Titanic becoming fast food for bacteriaDecember 7th, 2010 - 1:34 pm ICT by IANS
By Gurmukh Singh
Toronto, Dec 7 (IANS) The wreckage of the Titanic on the ocean floor will soon disappear as it is being fast eaten up by a newly discovered bacteria, according to Canadian researchers.
The Titantic, which was the largest passenger ship at the time, sank on its maiden journey from England to New York April 14, 1912, after hitting an iceberg in mid-Atlantic. Of the 2223 passengers on board, only 706 survived.
Henrietta Mann, a Canadian civil engineering professor at Dalhousie University, says the new bacterial species are eating away the wreckage so fast that soon the Titanic will be reduced to a “rust stain” on the ocean bottom.

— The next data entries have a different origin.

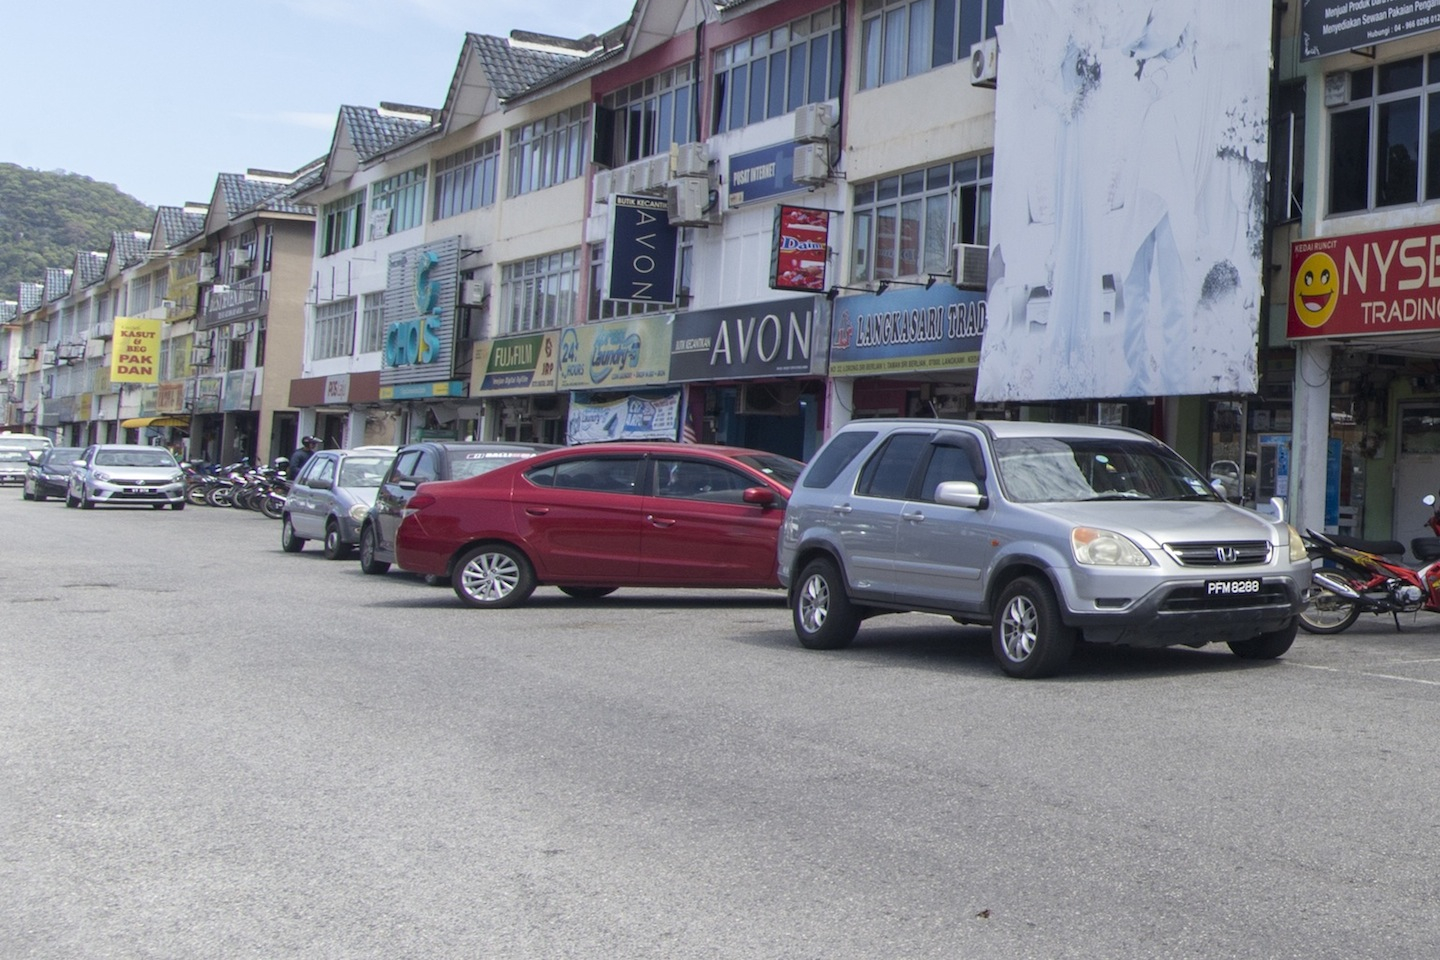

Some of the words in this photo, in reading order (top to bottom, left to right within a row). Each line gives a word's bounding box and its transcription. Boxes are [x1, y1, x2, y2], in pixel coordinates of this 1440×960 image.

[1325, 3, 1348, 19] Menjual
[1322, 17, 1361, 36] Menyediakan
[1362, 11, 1387, 26] Sewaan
[1388, 3, 1413, 19] Pakaian
[1367, 26, 1391, 40] Hubungi
[733, 169, 750, 186] PUSAT
[750, 162, 776, 183] INTERNET
[617, 197, 635, 205] BUTIK
[781, 235, 826, 250] Daim
[1295, 242, 1314, 253] KEDAI
[1314, 240, 1337, 249] RUNCIT
[631, 209, 656, 299] AVON
[856, 305, 945, 347] LANGKASARI
[121, 331, 156, 339] KASUT
[710, 311, 812, 365] AVON
[119, 354, 152, 364] PAK
[562, 343, 575, 363] 24
[591, 345, 629, 370] Laundry
[117, 366, 152, 375] DAN
[1208, 582, 1230, 594] PFM
[1231, 580, 1259, 593] 8288

“Perhaps if we get another 15 to 20 years out of it, we’re doing good…. Eventually there will be nothing left but a rust stain,,” she said Monday.
“In 1995, I was predicting that Titanic had another 30 years, but I think it’s deteriorating much faster than that now …” Using DNA technology, Mann and Bhavleen Kaur from Dalhousie University and researchers from the University of Sevilla in Spain identified a new bacterial species collected from rusticles from the Titanic wreck, a statement by the researchers said.
Dark orange in colour, a rusticle is a formation of rust similar in shape to an icicle or stalactite. The wreck is covered with the knob-like mounds, formed as a ‘consortium’ of at least 27 strains of bacteria, including Halomonas titanicae, makes a meal out of Titanic. But unlike icicles which are solid and hard, rusticles are porous and allow water to pass through. Indeed, they are rather delicate and will eventually disintegrate into fine powder.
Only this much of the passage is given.